For his junior season, Theus was moved over to left tackle where he started in all 13 games. He was part of an offensive line that helped Georgia rush for 257.8 yards per game, which ranked first in the SEC. Theus earned Associated Press Honorable Mention All-SEC after the season. For his senior season Theus started all 13 games, 9 at left tackle, 4 at right tackle. Theus was named All SEC 1st team. Theus finished his career being named all around team captain.

==Professional career==
===Pre-draft===
Coming out of college, Theus was projected to be a fourth to sixth round selection. He was ranked the 14th best offensive tackle out of the 109 available by NFLDraftScout.com. He was invited to the NFL Combine and was able to complete all their drills and workouts besides the bench press. He participated at Georgia's Pro Day and was satisfied with his combine number, only performing positional drills and the bench.

Pre-draft measurables
| Height | Weight | Arm length | Hand span | 40-yard dash | 10-yard split | 20-yard split | 20-yard shuttle | Three-cone drill | Vertical jump | Broad jump | Bench press |
| 6 ft 6 in (1.98 m) | 313 lb (142 kg) | 34+1⁄2 in (0.88 m) | 10 in (0.25 m) | 5.22 s | 1.80 s | 3.00 s | 4.78 s | 7.90 s | 28 in (0.71 m) | 8 ft 7 in (2.62 m) | 19 reps |
All values from NFL Combine

===San Francisco 49ers===
The San Francisco 49ers selected Theus in the fifth round, (145th overall) of the 2016 NFL draft. On May 5, 2016, the 49ers signed him to a four-year, $2.59 million rookie contract with a signing bonus of $257,612.

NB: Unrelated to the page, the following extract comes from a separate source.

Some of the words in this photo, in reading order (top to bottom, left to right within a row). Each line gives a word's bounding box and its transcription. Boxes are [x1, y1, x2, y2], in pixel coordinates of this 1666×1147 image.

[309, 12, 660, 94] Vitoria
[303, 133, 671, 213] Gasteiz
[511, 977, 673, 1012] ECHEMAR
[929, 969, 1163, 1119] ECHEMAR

On September 13, 2017, Theus was waived by the 49ers.

===Carolina Panthers===
On September 14, 2017, Theus was claimed off waivers by the Carolina Panthers. He was placed on injured reserve on December 2, 2017.

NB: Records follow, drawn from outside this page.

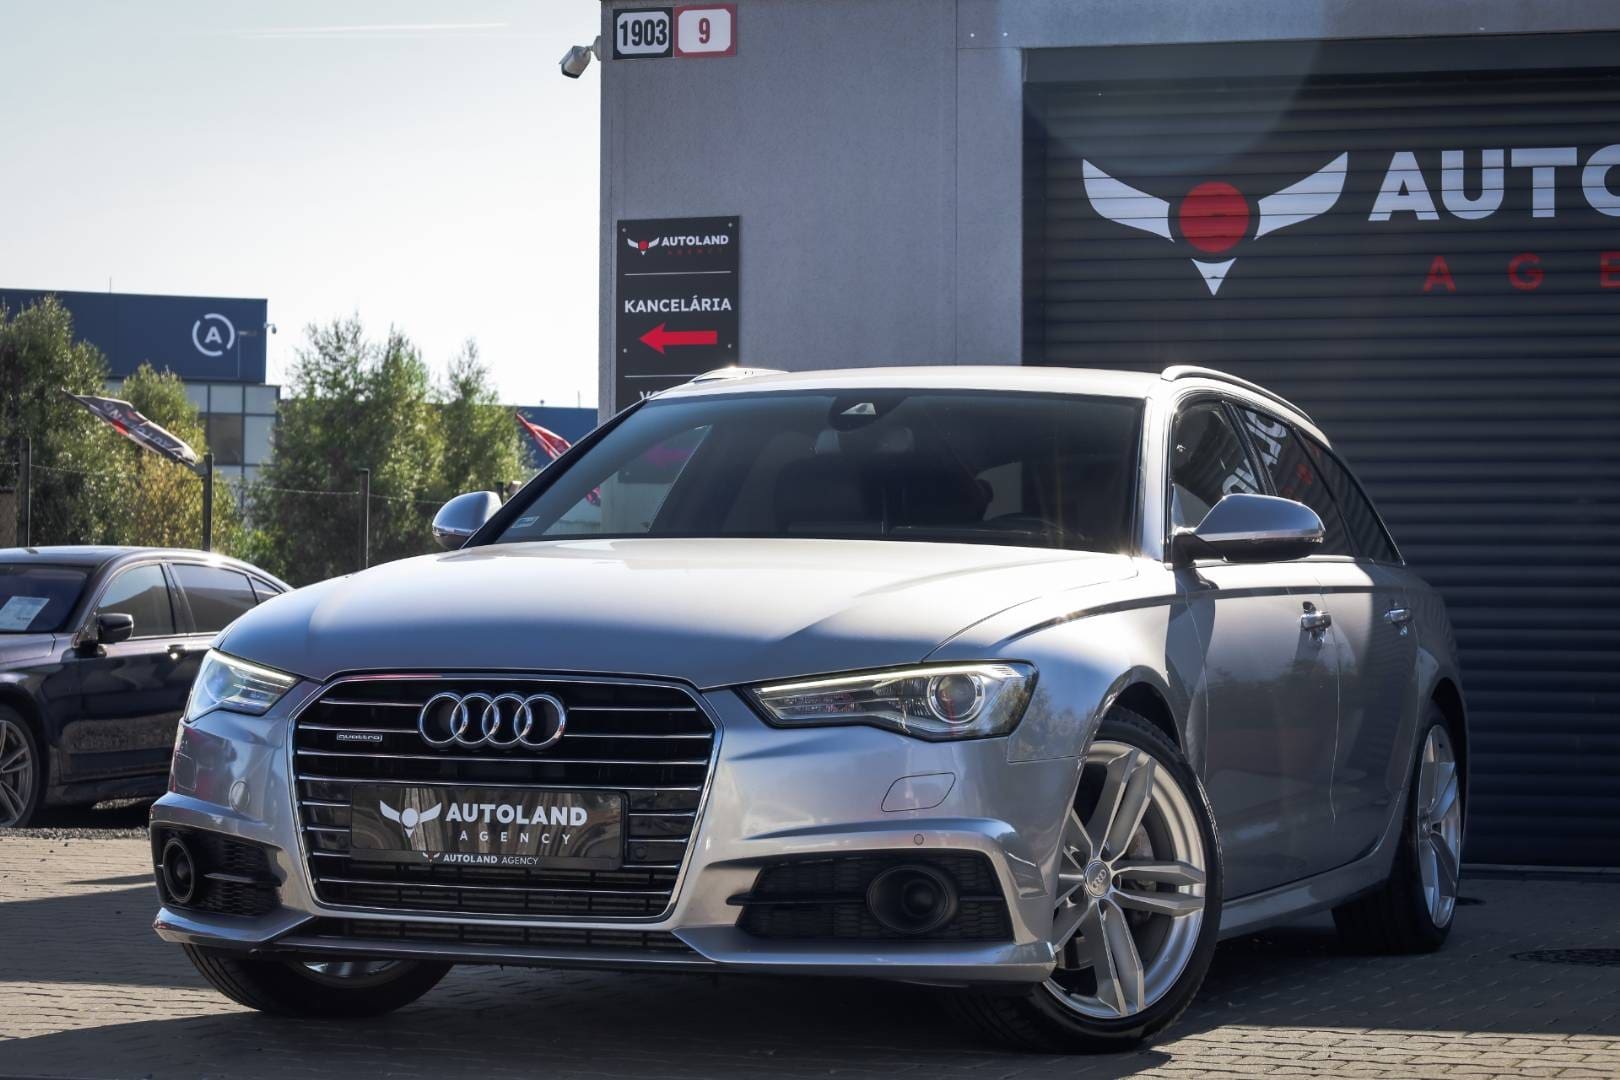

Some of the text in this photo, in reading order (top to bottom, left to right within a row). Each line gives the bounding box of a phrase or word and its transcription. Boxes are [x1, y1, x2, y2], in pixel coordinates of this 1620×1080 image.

[619, 19, 668, 46] 1903
[698, 18, 711, 44] 9
[661, 235, 729, 247] AUTOLAND
[624, 295, 732, 313] KANCELÁRIA
[445, 802, 588, 826] AUTOLAND
[459, 830, 572, 845] AGENCY
[443, 853, 540, 865] AUTOLAND AGENCY

On February 26, 2018, Theus was waived by the Panthers.

===New Orleans Saints===
On February 27, 2018, Theus was claimed off waivers by the New Orleans Saints. He was waived/injured by the Saints on May 7, 2018 and was placed on injured reserve. He was released on May 16, 2018.

===Tennessee Titans===
On May 17, 2018, Theus was claimed off waivers by the Tennessee Titans.

On August 1, 2018, Theus announced his retirement from the NFL.